- Exercise:
Nothing but the lines from the one containing "this 1725×2156 image." through the end of the data below may appear in the response, each one exact.

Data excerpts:
------------------------------------------------------------
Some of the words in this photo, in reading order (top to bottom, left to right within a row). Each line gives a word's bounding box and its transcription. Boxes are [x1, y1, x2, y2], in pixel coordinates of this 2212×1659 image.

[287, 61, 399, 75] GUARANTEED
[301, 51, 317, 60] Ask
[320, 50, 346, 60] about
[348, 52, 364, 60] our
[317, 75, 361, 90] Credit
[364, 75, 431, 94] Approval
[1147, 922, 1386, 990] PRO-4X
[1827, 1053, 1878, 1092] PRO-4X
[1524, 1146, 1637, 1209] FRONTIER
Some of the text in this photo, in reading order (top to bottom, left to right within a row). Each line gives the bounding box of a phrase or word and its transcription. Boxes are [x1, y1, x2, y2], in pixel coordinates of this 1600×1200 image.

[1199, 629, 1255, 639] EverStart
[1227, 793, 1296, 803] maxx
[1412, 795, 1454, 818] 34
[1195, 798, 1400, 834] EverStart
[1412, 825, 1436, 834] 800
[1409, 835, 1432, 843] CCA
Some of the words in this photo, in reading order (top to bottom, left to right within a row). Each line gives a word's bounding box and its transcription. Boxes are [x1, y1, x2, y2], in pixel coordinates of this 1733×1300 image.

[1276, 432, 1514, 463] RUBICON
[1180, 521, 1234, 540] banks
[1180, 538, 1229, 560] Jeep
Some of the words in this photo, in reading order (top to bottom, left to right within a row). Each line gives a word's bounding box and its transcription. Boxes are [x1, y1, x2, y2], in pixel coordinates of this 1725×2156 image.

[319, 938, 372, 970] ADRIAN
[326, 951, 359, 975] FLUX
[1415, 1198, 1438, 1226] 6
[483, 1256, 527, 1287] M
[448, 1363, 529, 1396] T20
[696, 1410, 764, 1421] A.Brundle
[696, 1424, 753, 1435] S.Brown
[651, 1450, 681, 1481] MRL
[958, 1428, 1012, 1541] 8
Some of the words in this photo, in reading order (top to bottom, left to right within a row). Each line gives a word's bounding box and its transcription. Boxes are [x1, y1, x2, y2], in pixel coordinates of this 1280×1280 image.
------------------------------------------------------------
- Solution:
Some of the words in this photo, in reading order (top to bottom, left to right within a row). Each line gives a word's bounding box and its transcription. Boxes are [x1, y1, x2, y2], in pixel coordinates of this 1725×2156 image.

[319, 938, 372, 970] ADRIAN
[326, 951, 359, 975] FLUX
[1415, 1198, 1438, 1226] 6
[483, 1256, 527, 1287] M
[448, 1363, 529, 1396] T20
[696, 1410, 764, 1421] A.Brundle
[696, 1424, 753, 1435] S.Brown
[651, 1450, 681, 1481] MRL
[958, 1428, 1012, 1541] 8
Some of the words in this photo, in reading order (top to bottom, left to right within a row). Each line gives a word's bounding box and its transcription. Boxes are [x1, y1, x2, y2], in pixel coordinates of this 1280×1280 image.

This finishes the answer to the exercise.